[removed] 3 hours ago
[deleted]
flufluflufluffy an hour ago

I read their website landing page but it’s still kinda confusing — what exactly is readyset? It all sounds like it’s a cache you can set up in front of MySQL/postgres. But then this article is talking about implementing joins which is what the database itself would do, not a cache. But then the blurbs talk about it like it’s a “CDN for your database” that brings your data to the edge. What the heck is it?!

  • Sesse__ 44 minutes ago

    It seems to be some sort of read-only reimplementation of MySQL/Postgres that can ingest their replication streams and materialize views (for caching). Complete with a really primitive optimizer, if the article is to be believed.

dangoodmanUT an hour ago

Maybe it's not obvious initially, but in retrospect, this handling of joins feels like the obvious way to handle it.

Push down filters to read the least data possible.

Or, know your data and be able to tell the query engine which kind of join strategy you would like (hash vs push down)

  • [removed] an hour ago
    [deleted]
  • SoftTalker an hour ago

    Decades ago we used to provide hints in queries based on "knowing the data" but modern optimizers have a lot better statistics on indexes, and the need to tell the query optimizer what to do should be rare.

bdcravens 3 hours ago

What database engine is this in? You reference your product, but I assume this is in MySQL/MariaDB?

https://dev.mysql.com/doc/refman/9.4/en/index-condition-push...

  • Sesse__ 3 hours ago

    This isn't really the same as MySQL's ICP; it seems more like what MySQL would call a “ref” or “eq_ref” lookup, i.e. a simple lookup on an indexed value on the right side of a nested-loop join. It's bread and butter for basically any database optimizer.

    ICP in MySQL (which can be built on top of ref/eq_ref, but isn't part of the normal index lookup per se) is a fairly weird concept where the storage engine is told to evaluate certain predicates on its own, without returning the row to the optimizer. This is to a) reduce the number of round-trips (function calls) from the executor down into the storage engine, and b) because InnoDB's secondary indexes need an extra storage round-trip to return the row (secondary indexes don't point at the row you want, they contain the primary key and then you have to lookup the actual row from the PK), so if you can remove the row early, you can skip the main row lookup.

  • LtdJorge 2 hours ago

    Seems like they are caching MySQL with their own layer built on RocksDB.

[removed] 3 hours ago
[deleted]
vjerancrnjak 2 hours ago

Another example of row based dbs somehow being insanely slow compared to column based.
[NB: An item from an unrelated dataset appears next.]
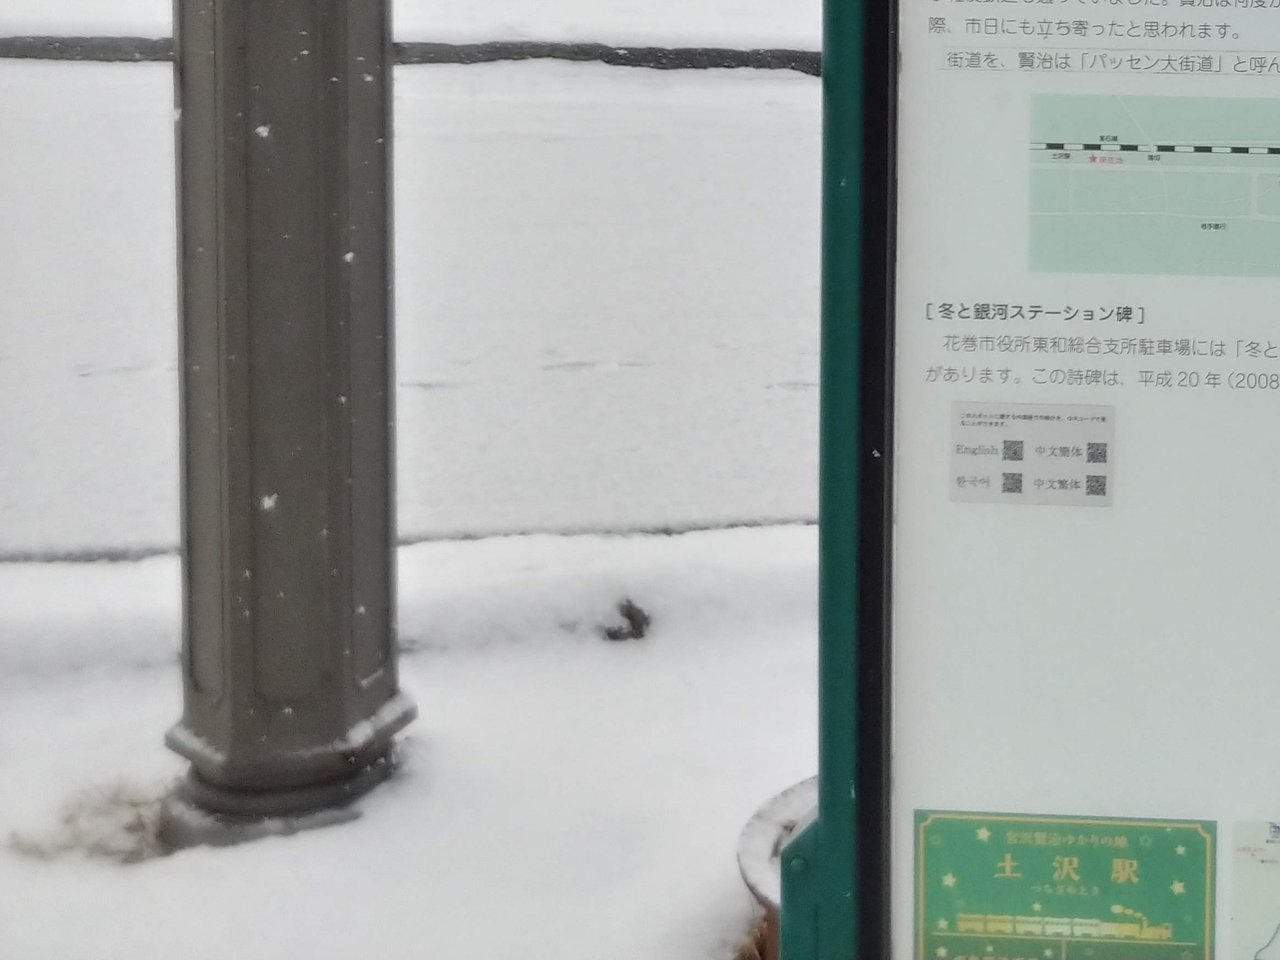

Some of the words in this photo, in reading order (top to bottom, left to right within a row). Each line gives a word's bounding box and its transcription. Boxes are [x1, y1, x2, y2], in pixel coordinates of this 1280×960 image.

[928, 16, 1240, 40] 際、市日にも立ち寄ったと思われます。
[955, 444, 999, 457] English
[956, 475, 991, 489] 한국어
Just an endless sequence of misbehavior and we’re waving it off as rows work good for specific lookups but columns for aggregations, yet here it is all the other stuff that is unreasonably slow.

  • tharkun__ 2 hours ago

    It's an example. But not of that.

    It's an example of old things being new again maybe. Or reinventing the wheel because the wheel wasn't known to them.

    Yes I know, nobody wants to pay that tax or make that guy richer, but databases like Oracle have had JPPD for a long time. It's just something the database does and the optimizer chooses whether to do it or not depending on whether it's the best thing to do or not.

    • rotis an hour ago

      Exactly. This is a basic optimization technique and all the dinosaur era databases should have that. But if you build a new database product you have to implement these techniques from scratch. There is no way you shortcut that. Reminds me about CockroachDB and them building a query optimizer[1]. They started with rule based one and then switched to cost based. Feature that older databases already had.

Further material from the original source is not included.